No, Experiment 626 tried to tell himself. This girl wasn’t Lilo.

But as much as he thought that, every time he looked at her face, into her eyes, he saw the innocent girl that had been her friend. She was still in there. She had to be.

He closed his eyes and gritted his teeth, bracing against the swaths of pain that flowed from his wrist. He would have to bear the pain.

“Really, Jumba, we expected better from you.” The cold words of an alien being. “This was your plan? Maybe we overestimated your intelligence.”

She had stopped twisting, but the pain remained, throbbing, convulsing down his arm like jolts of water down a cartoon hose. Stitch opened his eyes slightly – Jumba was writhing from the insult, much more so than if it had been from anyone else.

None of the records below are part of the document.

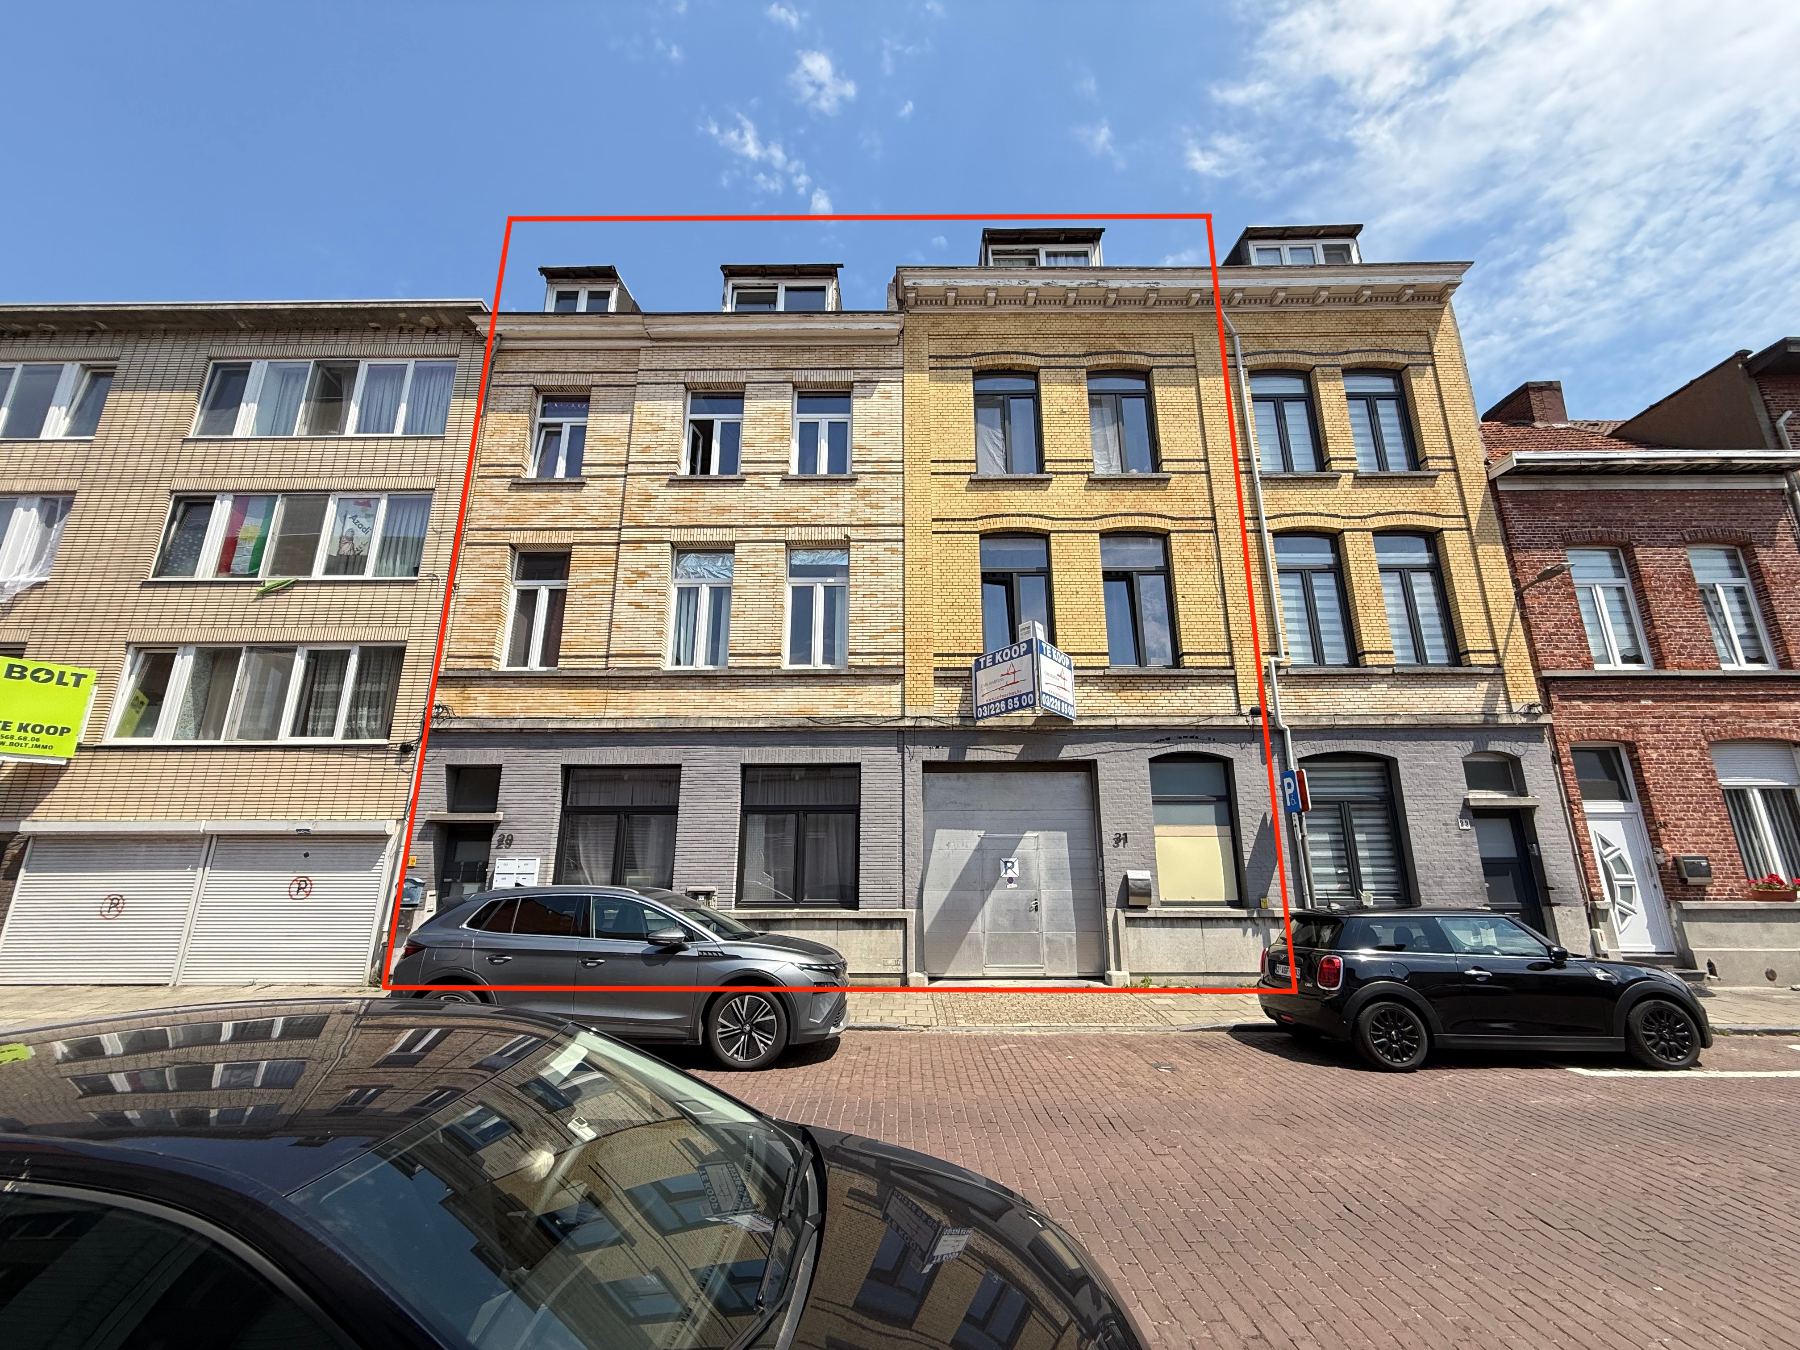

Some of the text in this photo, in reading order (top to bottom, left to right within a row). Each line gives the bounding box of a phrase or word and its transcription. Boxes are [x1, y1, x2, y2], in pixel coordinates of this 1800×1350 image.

[979, 643, 1028, 669] TE KOOP
[1041, 642, 1070, 668] TE KOOP
[4, 663, 88, 688] BOLT
[977, 701, 1006, 717] 03/226
[1007, 697, 1020, 709] 85
[1021, 693, 1034, 706] 00
[17, 722, 71, 736] KOOP
[1283, 777, 1295, 806] P
[497, 833, 513, 848] 29
[1113, 832, 1128, 848] 31

He tried to swing on his arm, attempting to ignore the bursts of pain, but, Lil-the parasite changed her grip slightly to just below the wrist, making it next to impossible for him to pivot without the possibility of cracking his arm.

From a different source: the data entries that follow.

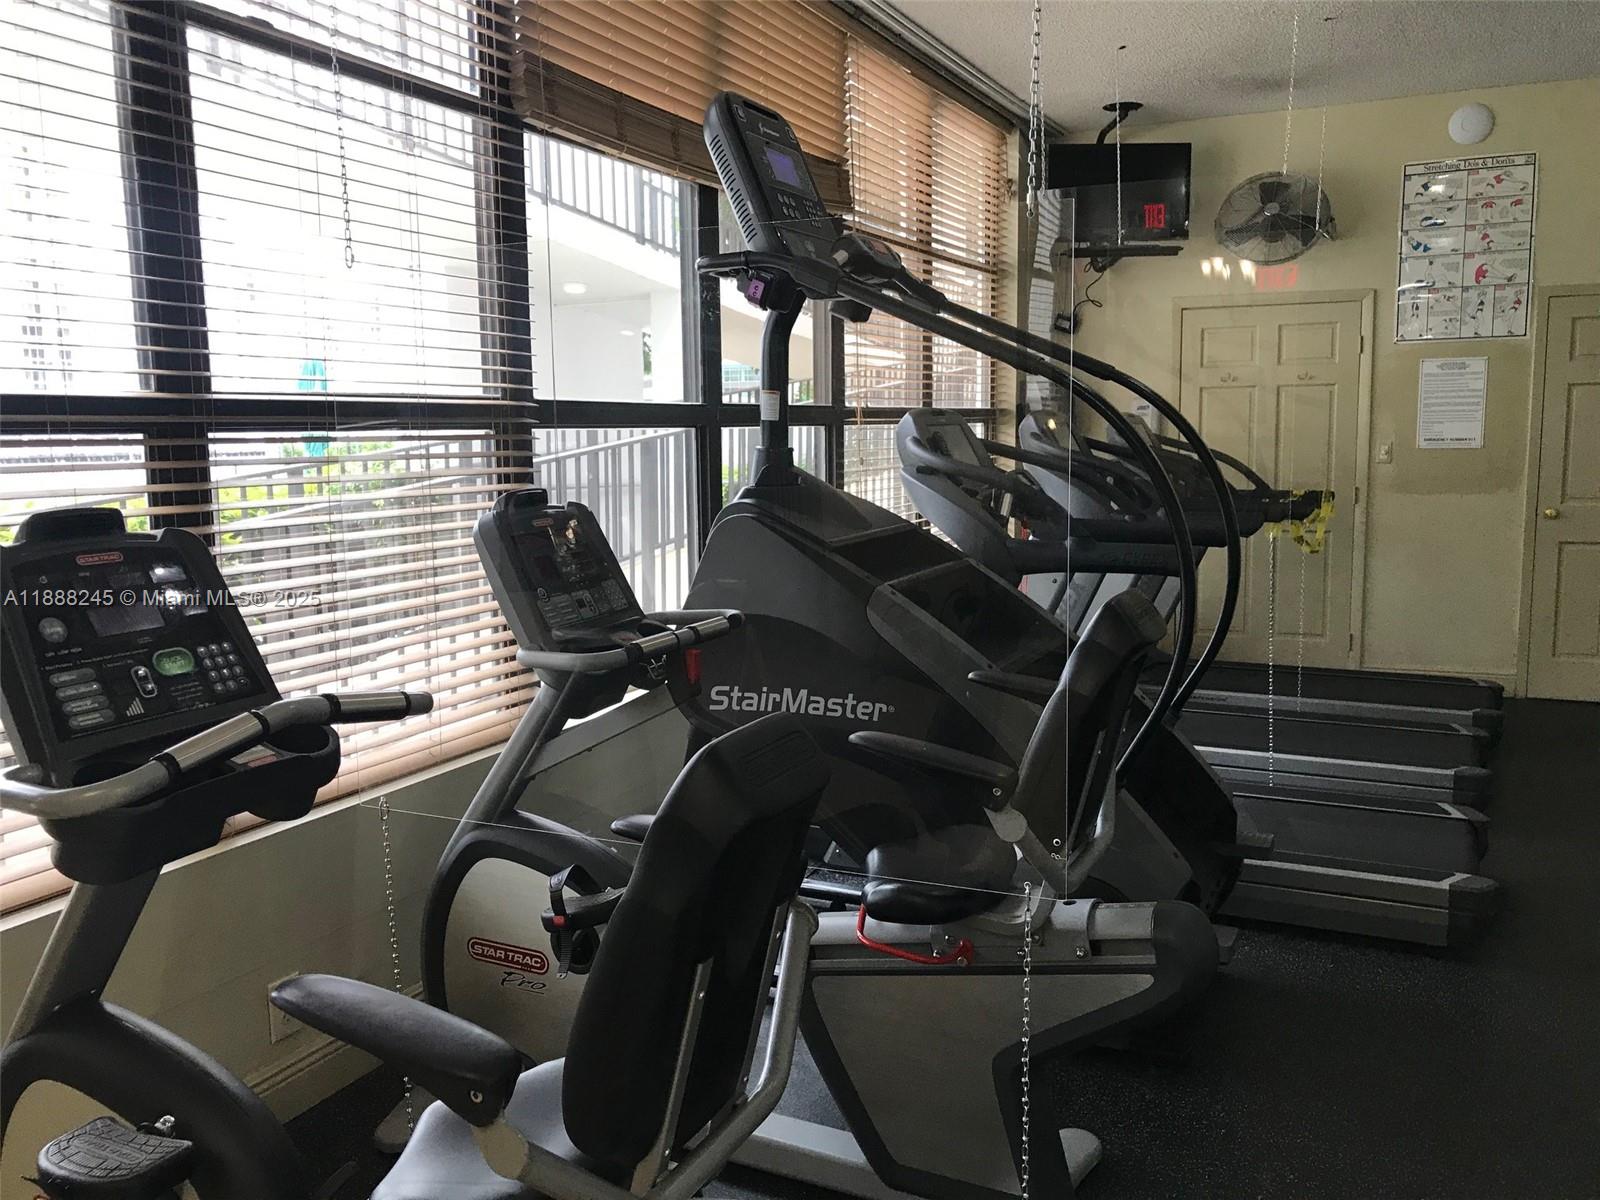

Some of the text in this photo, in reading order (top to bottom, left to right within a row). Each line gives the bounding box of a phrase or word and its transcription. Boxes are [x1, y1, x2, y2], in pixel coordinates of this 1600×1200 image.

[1423, 161, 1460, 172] Stretching
[472, 943, 543, 967] STAR TRAC
[500, 971, 547, 991] Pro
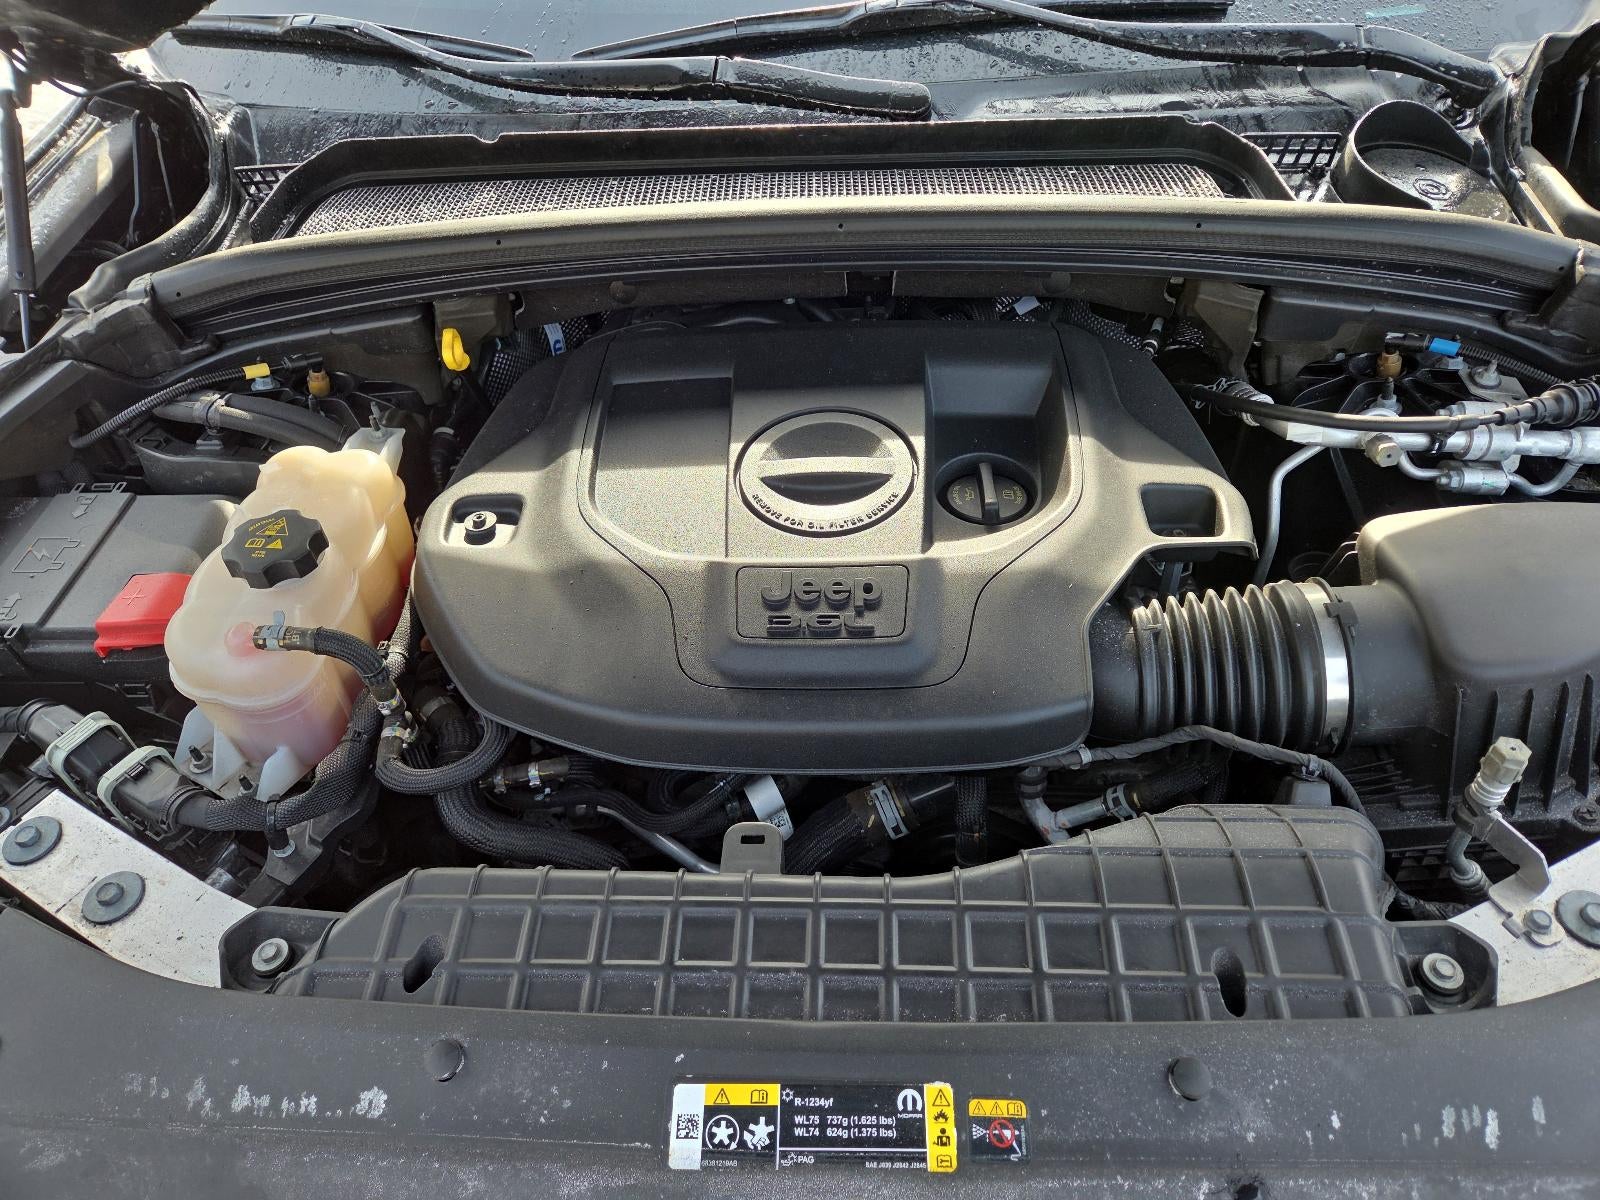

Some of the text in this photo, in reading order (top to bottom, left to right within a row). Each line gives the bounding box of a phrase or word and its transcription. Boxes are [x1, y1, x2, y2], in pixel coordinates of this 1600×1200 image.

[751, 491, 900, 530] REMOVE FOR OIL FILTER SERVICE
[760, 570, 883, 613] Jeep
[794, 1097, 834, 1109] R-1234yf
[794, 1115, 897, 1127] WL75 737g (1.625 lbs)
[794, 1127, 897, 1139] WL74 624g (1.375 lbs)
[797, 1155, 815, 1164] PAG

He couldn’t reach her at all in this position It would be up to 419 now.

“Come now, Experiment 626,” she said, turning her head to face him. “You don’t expect us to allow you to do that?” And she squeezed his now rather tender wrist slightly – just short enough to send a painful stinging sensation. The message was clear – don’t do anything, and you won’t get hurt.

“Now, tell me-”

She stopped and stared at Jumba. He had pulled out a plasma gun and was now pointing it at her.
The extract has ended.